Abstract

Caries and periodontitis are the primary non-communicable oral diseases among elderly individuals. The burden of the disease increases with ageing, particularly as the elderly are tending to retain more teeth due to improvement of oral health measures and increased life expectancy. Root caries represents itself as an overlapping pathology, but not necessarily a summation of the two diseases. This narrative commentary discusses the cross-boundary nature of root caries, a periodontal-cariological condition, taking into account the multi-morbidities of ageing. The evidence includes epidemiological and pathophysiological features of root caries, and specific influencing factors of ageing, such as xerostomia, polypharmacy, functional and cognitive impairment and oral ecological alterations. Active or previous history of periodontal disease poses a risk for root caries, whereas the systemic co-morbidities of ageing may also increase the susceptibility to this pathology.
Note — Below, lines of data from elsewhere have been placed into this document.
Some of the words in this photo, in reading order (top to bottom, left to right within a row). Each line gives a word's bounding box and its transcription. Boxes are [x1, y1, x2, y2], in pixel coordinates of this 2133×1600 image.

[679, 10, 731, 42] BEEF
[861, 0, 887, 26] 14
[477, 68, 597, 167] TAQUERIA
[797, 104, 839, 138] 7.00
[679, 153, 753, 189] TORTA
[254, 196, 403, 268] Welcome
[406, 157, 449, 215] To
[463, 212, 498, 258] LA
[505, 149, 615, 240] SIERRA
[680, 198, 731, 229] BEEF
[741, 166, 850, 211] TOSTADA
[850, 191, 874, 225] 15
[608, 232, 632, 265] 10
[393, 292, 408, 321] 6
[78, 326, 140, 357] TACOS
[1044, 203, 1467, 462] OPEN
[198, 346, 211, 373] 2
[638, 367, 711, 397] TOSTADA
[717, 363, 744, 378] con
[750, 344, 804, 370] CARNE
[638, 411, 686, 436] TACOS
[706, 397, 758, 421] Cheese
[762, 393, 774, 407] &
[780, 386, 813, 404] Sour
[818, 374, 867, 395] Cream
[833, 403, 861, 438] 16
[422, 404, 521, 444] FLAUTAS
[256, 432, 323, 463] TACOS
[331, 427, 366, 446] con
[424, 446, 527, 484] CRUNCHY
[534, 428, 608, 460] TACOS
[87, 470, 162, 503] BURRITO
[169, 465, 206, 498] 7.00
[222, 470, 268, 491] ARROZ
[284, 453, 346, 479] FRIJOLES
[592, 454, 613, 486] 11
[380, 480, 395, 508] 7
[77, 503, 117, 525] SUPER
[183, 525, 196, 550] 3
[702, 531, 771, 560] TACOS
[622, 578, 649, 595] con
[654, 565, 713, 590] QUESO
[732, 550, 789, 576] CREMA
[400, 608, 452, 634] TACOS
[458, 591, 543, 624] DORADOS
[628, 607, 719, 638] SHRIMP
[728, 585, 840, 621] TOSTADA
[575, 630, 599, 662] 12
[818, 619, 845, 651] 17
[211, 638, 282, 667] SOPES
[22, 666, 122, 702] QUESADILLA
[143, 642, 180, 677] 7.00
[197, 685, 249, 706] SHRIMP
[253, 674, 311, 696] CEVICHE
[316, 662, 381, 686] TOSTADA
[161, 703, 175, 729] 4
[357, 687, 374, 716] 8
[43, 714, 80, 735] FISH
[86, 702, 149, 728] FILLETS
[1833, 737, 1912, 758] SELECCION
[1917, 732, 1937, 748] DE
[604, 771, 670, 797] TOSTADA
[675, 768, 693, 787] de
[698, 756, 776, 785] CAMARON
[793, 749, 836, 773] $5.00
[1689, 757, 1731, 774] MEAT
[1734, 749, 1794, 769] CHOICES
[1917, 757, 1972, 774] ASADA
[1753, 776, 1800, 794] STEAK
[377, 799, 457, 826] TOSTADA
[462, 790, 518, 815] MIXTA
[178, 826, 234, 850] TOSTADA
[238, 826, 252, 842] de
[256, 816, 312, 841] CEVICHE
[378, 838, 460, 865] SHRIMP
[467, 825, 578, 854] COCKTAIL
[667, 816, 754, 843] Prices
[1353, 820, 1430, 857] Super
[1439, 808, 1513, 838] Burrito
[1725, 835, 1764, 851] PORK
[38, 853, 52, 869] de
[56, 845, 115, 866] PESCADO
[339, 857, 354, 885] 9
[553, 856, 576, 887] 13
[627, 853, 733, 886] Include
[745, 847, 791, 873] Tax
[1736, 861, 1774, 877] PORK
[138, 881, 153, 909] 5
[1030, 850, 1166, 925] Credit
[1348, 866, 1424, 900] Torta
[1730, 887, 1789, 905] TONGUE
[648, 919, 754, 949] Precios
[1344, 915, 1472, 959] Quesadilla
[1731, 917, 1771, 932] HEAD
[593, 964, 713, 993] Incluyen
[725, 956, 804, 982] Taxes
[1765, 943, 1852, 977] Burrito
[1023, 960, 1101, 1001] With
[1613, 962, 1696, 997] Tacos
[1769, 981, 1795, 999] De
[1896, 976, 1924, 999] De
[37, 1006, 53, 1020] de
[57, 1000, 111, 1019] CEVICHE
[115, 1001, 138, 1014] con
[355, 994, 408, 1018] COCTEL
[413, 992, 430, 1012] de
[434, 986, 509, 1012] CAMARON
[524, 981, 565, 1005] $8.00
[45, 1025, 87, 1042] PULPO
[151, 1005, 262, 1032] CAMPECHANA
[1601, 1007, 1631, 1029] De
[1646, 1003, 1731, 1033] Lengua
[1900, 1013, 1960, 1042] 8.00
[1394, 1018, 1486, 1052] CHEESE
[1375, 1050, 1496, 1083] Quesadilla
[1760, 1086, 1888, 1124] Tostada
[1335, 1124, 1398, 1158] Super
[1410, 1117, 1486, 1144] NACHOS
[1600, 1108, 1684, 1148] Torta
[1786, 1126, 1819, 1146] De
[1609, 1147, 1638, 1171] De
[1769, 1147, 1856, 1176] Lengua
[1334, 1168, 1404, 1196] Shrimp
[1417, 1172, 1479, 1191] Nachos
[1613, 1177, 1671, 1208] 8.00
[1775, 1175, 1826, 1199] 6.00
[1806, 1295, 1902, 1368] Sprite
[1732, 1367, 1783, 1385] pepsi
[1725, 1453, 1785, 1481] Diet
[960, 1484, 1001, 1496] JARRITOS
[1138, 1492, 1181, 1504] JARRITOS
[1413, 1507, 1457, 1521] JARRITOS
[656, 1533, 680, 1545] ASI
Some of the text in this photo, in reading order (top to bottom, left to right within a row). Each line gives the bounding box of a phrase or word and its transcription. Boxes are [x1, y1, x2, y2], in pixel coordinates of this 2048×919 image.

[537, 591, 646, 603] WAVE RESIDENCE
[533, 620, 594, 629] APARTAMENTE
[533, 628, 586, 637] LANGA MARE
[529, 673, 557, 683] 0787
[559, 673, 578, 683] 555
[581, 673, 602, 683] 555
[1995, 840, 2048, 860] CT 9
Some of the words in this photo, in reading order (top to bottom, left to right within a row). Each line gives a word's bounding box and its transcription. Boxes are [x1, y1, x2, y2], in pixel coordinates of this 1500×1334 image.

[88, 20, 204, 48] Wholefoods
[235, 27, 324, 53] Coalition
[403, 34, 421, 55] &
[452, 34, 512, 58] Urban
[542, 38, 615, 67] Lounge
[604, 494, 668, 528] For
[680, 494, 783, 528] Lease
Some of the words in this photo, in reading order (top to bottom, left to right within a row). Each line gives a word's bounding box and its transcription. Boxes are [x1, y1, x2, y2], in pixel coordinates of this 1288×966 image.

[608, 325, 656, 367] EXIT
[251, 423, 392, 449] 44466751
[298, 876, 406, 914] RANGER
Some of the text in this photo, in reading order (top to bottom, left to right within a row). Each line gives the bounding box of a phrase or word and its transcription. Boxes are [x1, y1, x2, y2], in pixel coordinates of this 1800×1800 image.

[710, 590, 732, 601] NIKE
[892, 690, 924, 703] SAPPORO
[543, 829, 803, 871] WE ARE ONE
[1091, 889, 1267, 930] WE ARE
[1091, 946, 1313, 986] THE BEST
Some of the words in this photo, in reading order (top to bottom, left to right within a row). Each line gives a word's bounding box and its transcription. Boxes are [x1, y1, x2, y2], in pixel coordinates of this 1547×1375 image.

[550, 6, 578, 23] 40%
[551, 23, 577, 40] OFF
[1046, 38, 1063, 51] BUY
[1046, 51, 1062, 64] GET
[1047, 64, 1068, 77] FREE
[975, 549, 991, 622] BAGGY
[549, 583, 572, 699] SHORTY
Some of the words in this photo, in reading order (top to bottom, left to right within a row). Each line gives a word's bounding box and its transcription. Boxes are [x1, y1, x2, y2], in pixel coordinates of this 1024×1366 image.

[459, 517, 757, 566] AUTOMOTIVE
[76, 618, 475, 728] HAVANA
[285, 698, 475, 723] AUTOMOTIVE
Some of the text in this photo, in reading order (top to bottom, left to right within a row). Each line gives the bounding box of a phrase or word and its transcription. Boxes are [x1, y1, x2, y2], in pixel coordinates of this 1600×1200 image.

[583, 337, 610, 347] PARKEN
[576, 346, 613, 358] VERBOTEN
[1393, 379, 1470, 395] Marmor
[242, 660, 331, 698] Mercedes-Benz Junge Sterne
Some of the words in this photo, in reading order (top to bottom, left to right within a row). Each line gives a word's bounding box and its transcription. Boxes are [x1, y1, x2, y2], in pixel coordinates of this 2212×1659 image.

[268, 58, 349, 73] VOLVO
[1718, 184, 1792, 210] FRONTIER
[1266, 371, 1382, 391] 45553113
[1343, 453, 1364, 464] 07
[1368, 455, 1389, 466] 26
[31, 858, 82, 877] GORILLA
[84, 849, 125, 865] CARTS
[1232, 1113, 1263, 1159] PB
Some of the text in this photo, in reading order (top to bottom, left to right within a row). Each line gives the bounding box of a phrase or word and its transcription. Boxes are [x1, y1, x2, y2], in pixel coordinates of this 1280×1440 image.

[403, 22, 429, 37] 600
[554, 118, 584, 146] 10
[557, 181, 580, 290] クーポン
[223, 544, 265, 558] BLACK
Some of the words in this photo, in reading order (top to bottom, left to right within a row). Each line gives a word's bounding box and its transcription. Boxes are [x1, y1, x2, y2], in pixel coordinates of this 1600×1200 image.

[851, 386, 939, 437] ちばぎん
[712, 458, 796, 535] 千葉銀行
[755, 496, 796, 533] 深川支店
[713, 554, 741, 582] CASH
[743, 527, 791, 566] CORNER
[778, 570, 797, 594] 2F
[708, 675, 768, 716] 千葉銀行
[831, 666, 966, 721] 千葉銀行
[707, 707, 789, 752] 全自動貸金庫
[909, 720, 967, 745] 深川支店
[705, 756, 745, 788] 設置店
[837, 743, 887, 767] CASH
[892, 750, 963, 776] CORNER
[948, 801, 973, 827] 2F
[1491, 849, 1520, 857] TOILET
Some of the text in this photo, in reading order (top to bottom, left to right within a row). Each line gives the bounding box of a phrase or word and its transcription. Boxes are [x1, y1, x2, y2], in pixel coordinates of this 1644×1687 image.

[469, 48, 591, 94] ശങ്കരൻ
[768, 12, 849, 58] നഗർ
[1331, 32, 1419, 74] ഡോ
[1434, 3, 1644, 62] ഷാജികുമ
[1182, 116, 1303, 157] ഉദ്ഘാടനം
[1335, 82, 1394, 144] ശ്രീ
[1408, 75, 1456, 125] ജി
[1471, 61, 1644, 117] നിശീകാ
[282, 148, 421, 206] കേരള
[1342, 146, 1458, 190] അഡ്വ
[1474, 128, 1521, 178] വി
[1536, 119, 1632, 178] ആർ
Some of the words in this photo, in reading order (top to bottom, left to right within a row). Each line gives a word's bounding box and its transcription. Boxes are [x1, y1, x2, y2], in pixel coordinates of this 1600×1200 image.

It is plausible that root caries is the net outcome of coexisting risk for these conditions. There exists no standardised system for risk assessment and diagnosis that takes into account the interactive effect of caries, periodontitis and the constellation of age-specific influencing factors. As restorative treatment is challenging, cost-effective prevention and diagnosis methods are needed for vulnerable elderly populations. These may include improved clinical registration methods and establishment of individualised prevention and treatment protocols.